---------- Dataset records ----------

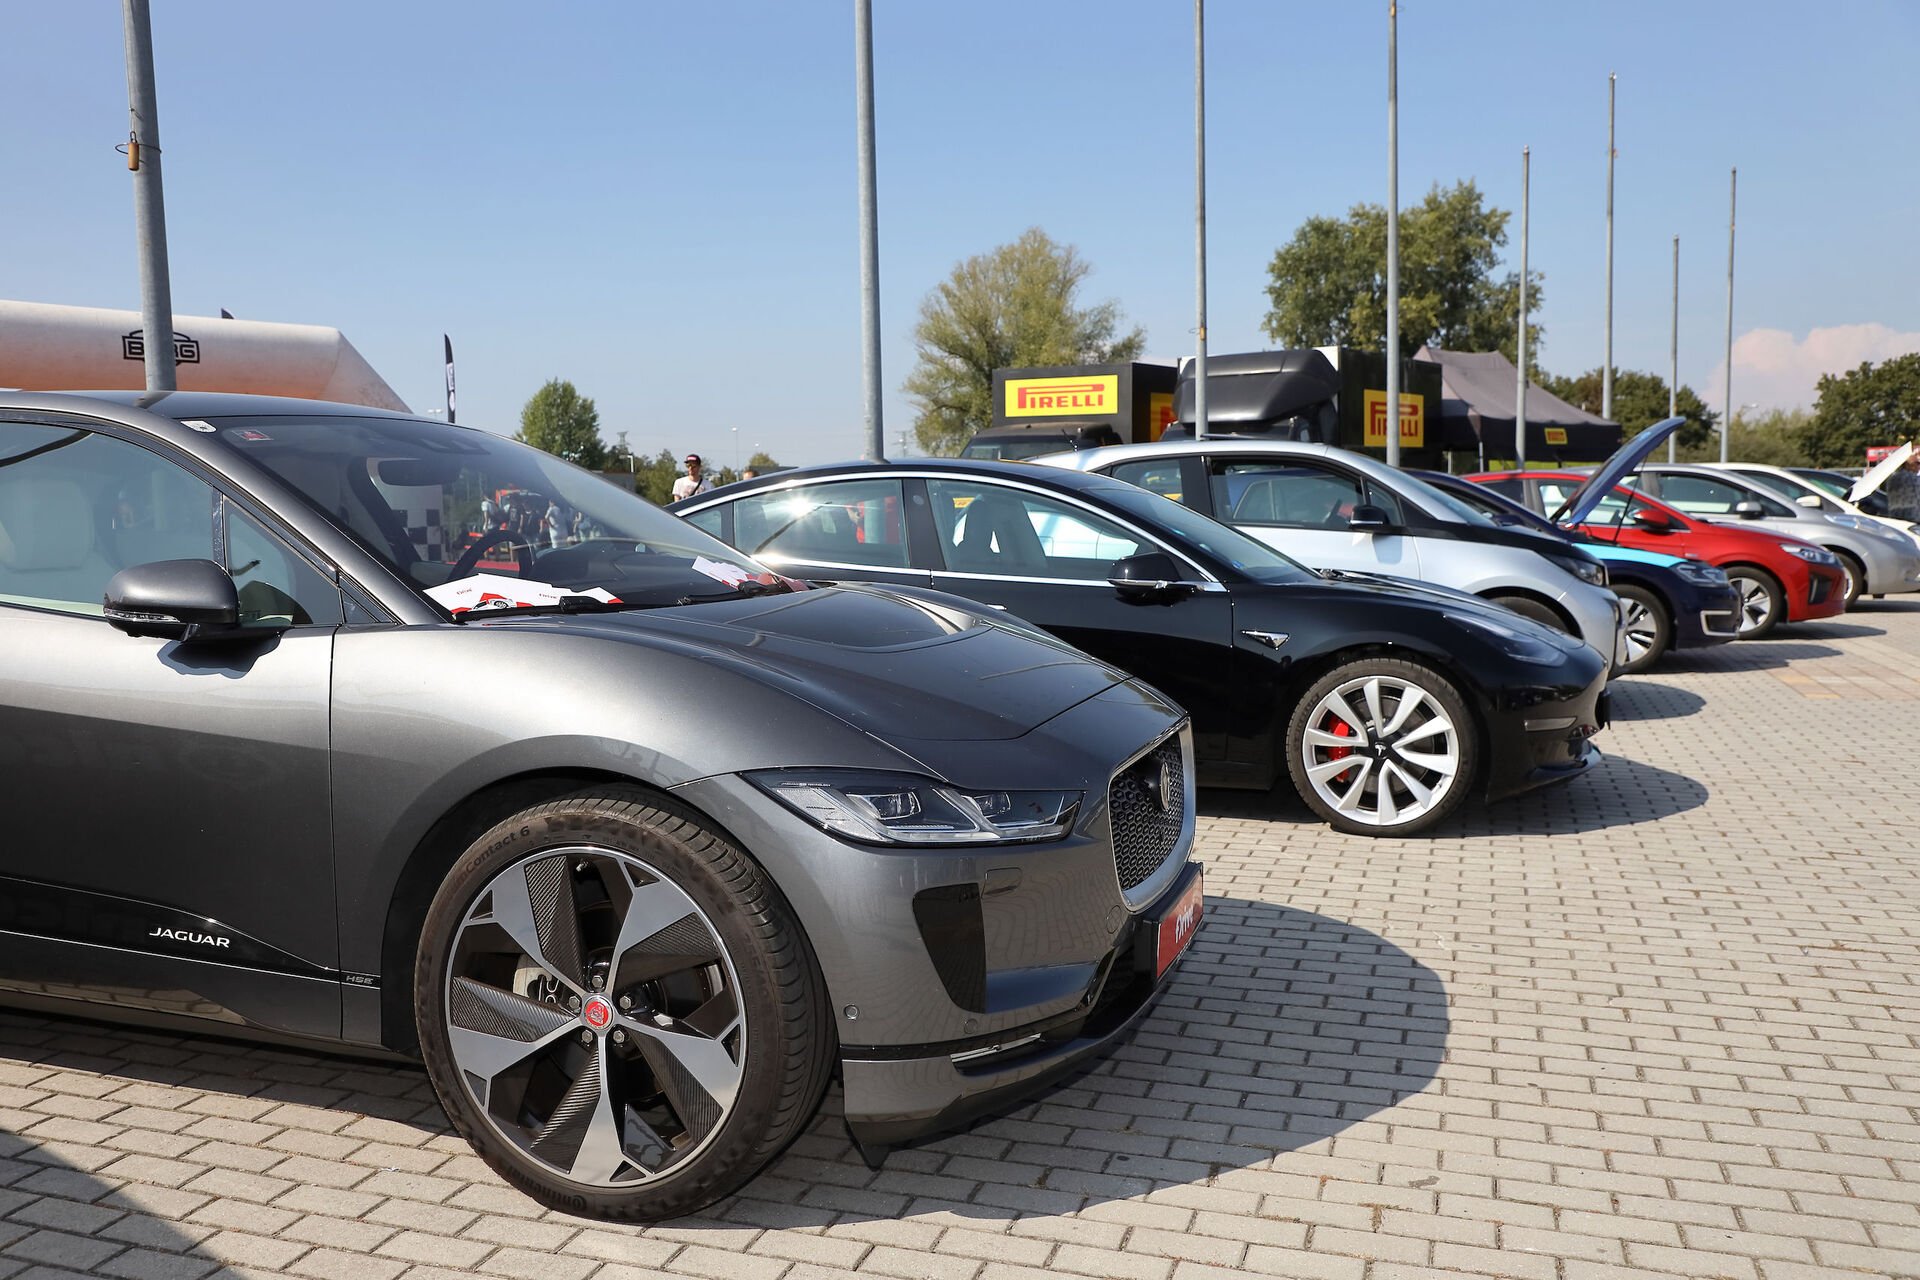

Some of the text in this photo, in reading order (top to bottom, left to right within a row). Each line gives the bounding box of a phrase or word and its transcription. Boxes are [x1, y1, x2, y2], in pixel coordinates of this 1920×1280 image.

[127, 340, 196, 359] BG
[1017, 383, 1105, 409] PIRELLI
[1370, 401, 1419, 437] PILLI
[148, 927, 231, 949] JAGUAR
[345, 975, 374, 985] HSE
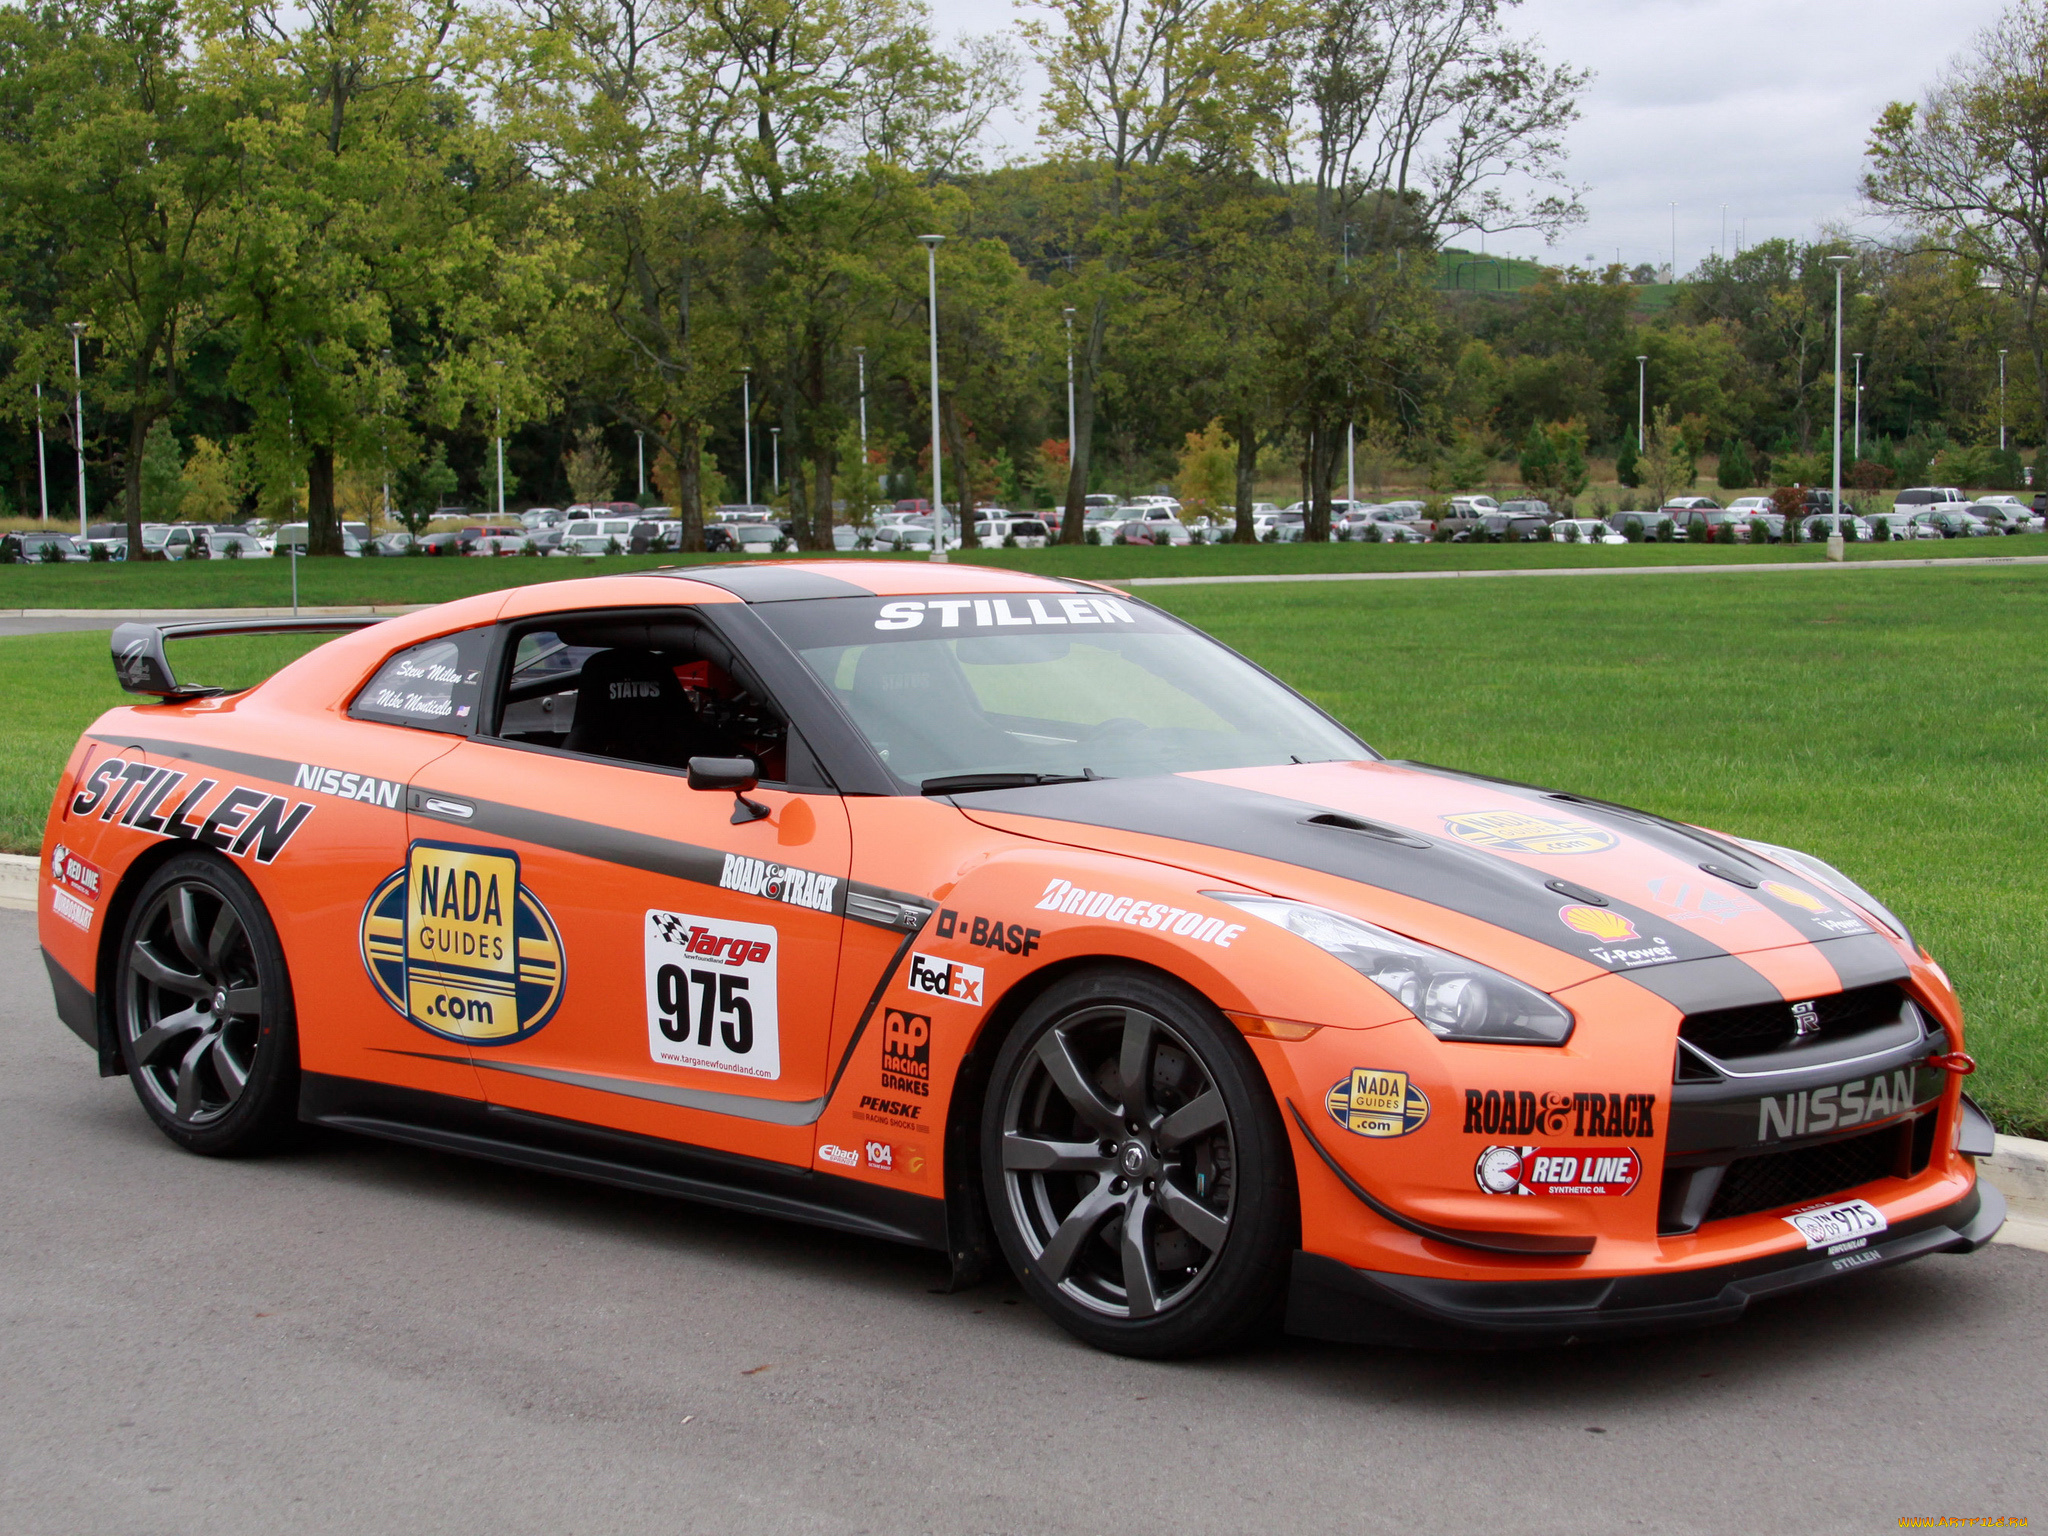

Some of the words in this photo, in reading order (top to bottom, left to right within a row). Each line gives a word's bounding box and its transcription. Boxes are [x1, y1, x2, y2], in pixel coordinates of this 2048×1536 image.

[874, 599, 1136, 630] STILLEN
[396, 660, 425, 679] Steve
[426, 664, 463, 684] Millen
[376, 688, 403, 709] Mike
[404, 692, 453, 716] Monticello
[294, 763, 401, 809] NISSAN
[72, 757, 316, 866] STILLEN
[66, 857, 82, 881] RED
[81, 866, 99, 893] LINE
[420, 864, 503, 927] NADA
[1035, 878, 1246, 949] BRIDGESTONE
[420, 926, 504, 961] GUIDES
[685, 926, 772, 967] Targa
[969, 916, 1042, 957] BASF
[683, 953, 724, 964] Newfoundland
[1593, 945, 1672, 964] V-Power
[910, 955, 980, 1003] FedEx
[427, 991, 494, 1025] .com
[656, 963, 754, 1054] 975
[1791, 1000, 1815, 1014] GT
[884, 1011, 929, 1058] AP
[1794, 1011, 1821, 1035] R
[660, 1051, 772, 1078] www.targanewfoundland.com
[883, 1054, 928, 1076] RACING
[881, 1073, 929, 1097] BRAKES
[1357, 1075, 1400, 1098] NADA
[859, 1095, 922, 1120] PENSKE
[1356, 1096, 1400, 1110] GUIDES
[1758, 1066, 1917, 1141] NISSAN
[865, 1113, 890, 1126] RACING
[889, 1117, 916, 1131] SHOCKS
[1356, 1120, 1391, 1131] .com
[865, 1141, 893, 1166] 104
[1530, 1156, 1579, 1183] RED
[1548, 1185, 1592, 1194] SYNTHETIC
[1592, 1186, 1606, 1194] OIL
[1812, 1213, 1832, 1223] TN
[1824, 1222, 1841, 1236] 09
[1830, 1204, 1878, 1232] 975
[1831, 1249, 1882, 1271] STILLEN

----------

Write out every record above exactly as it stands, but leave out the pictures.

Exercise output.
Some of the text in this photo, in reading order (top to bottom, left to right within a row). Each line gives the bounding box of a phrase or word and its transcription. Boxes are [x1, y1, x2, y2], in pixel coordinates of this 1920×1280 image.

[127, 340, 196, 359] BG
[1017, 383, 1105, 409] PIRELLI
[1370, 401, 1419, 437] PILLI
[148, 927, 231, 949] JAGUAR
[345, 975, 374, 985] HSE

Some of the words in this photo, in reading order (top to bottom, left to right within a row). Each line gives a word's bounding box and its transcription. Boxes are [x1, y1, x2, y2], in pixel coordinates of this 2048×1536 image.

[874, 599, 1136, 630] STILLEN
[396, 660, 425, 679] Steve
[426, 664, 463, 684] Millen
[376, 688, 403, 709] Mike
[404, 692, 453, 716] Monticello
[294, 763, 401, 809] NISSAN
[72, 757, 316, 866] STILLEN
[66, 857, 82, 881] RED
[81, 866, 99, 893] LINE
[420, 864, 503, 927] NADA
[1035, 878, 1246, 949] BRIDGESTONE
[420, 926, 504, 961] GUIDES
[685, 926, 772, 967] Targa
[969, 916, 1042, 957] BASF
[683, 953, 724, 964] Newfoundland
[1593, 945, 1672, 964] V-Power
[910, 955, 980, 1003] FedEx
[427, 991, 494, 1025] .com
[656, 963, 754, 1054] 975
[1791, 1000, 1815, 1014] GT
[884, 1011, 929, 1058] AP
[1794, 1011, 1821, 1035] R
[660, 1051, 772, 1078] www.targanewfoundland.com
[883, 1054, 928, 1076] RACING
[881, 1073, 929, 1097] BRAKES
[1357, 1075, 1400, 1098] NADA
[859, 1095, 922, 1120] PENSKE
[1356, 1096, 1400, 1110] GUIDES
[1758, 1066, 1917, 1141] NISSAN
[865, 1113, 890, 1126] RACING
[889, 1117, 916, 1131] SHOCKS
[1356, 1120, 1391, 1131] .com
[865, 1141, 893, 1166] 104
[1530, 1156, 1579, 1183] RED
[1548, 1185, 1592, 1194] SYNTHETIC
[1592, 1186, 1606, 1194] OIL
[1812, 1213, 1832, 1223] TN
[1824, 1222, 1841, 1236] 09
[1830, 1204, 1878, 1232] 975
[1831, 1249, 1882, 1271] STILLEN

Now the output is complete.